Sapevo già di piacerle, ma non vorrei esagerare le proporzioni del suo affetto per me, almeno non in quella prima fase del nostro rapporto. Mrs Witherspoon aveva ottime ragioni per volermi fare contento, e per quanto potrebbe lusingarmi il pensiero che lo facesse perché trovava irresistibile quel ragazzetto furbo e impudente che ero, la verità è che si preoccupava della futura salute del suo conto in banca. Perché mai, altrimenti una donna della sua intraprendenza e sensualità avrebbe dovuto perdersi dietro a un marmocchio alto un soldo di cacio com’ero io allora? No, lei vedeva in me la sua grande occasione; io per lei non ero un ragazzo, ma una montagna di dollari, e sapeva bene che se la mia carriera fosse stata sfruttata con abilità e con prudenza, io avrei fatto di lei la donna piú ricca di tredici contee. Non voglio dire che non ci passammo qualche bella serata insieme, per carità, ma era sempre tutto al servizio del suo futuro interesse, e lei si dava un gran da fare ad accattivarsi le mie simpatie per tenermi in pugno, per assicurarsi che non le scappassi via prima di darle il tempo di mettere le mani sui frutti del mio talento.
Tant’è.
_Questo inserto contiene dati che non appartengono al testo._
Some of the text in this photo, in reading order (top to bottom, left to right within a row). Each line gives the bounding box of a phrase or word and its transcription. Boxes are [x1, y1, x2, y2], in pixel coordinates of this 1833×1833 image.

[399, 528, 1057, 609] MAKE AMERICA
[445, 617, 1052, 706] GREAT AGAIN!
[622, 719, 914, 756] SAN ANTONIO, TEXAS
Non la condanno certo per questo, e se fossi stato al suo posto, credo che avrei fatto lo stesso. Eppure non nego che certe volte mi infastidiva constatare quanto poco la impressionassero i miei miracoli. Per tutte quelle atroci settimane, e quei mesi, io mi mantenni in forma allenandomi almeno un paio di ore al giorno. Per non spaventare a morte i passanti, mi confinai in casa, lavorando nel soggiorno del piano di sopra con le tende tirate. Mrs Witherspoon non solo non si prendeva mai la briga di venirmi a vedere, ma quelle rare volte in cui capitava che entrasse nella stanza, osservava lo spettacolo della mia levitazione senza battere ciglio, studiandomi con la vuota indifferenza di un macellaio che ispeziona un quarto di bue. Non c’era numero, nemmeno il piú strabiliante, che lei non accogliesse come la piú naturale delle cose, non piú strano o inesplicabile della luna in cielo o del fischiare del vento. Forse era troppo sbronza per notare la differenza tra un miracolo e un avvenimento qualsiasi, o forse il mistero della mia impresa la lasciava fredda, e se poi si parla di forme di spettacolo, sarebbe stata prontissima ad affrontare qualunque uragano per andare a vedere l’ultima delle porcherie cinematografiche, piuttosto che stare a guardare me galleggiare su tavolo e sedie del suo maledetto salotto. Il mio talento per lei non era che un mezzo per raggiungere un fine. E a patto che il fine fosse garantito, a lei dei mezzi importava meno di niente.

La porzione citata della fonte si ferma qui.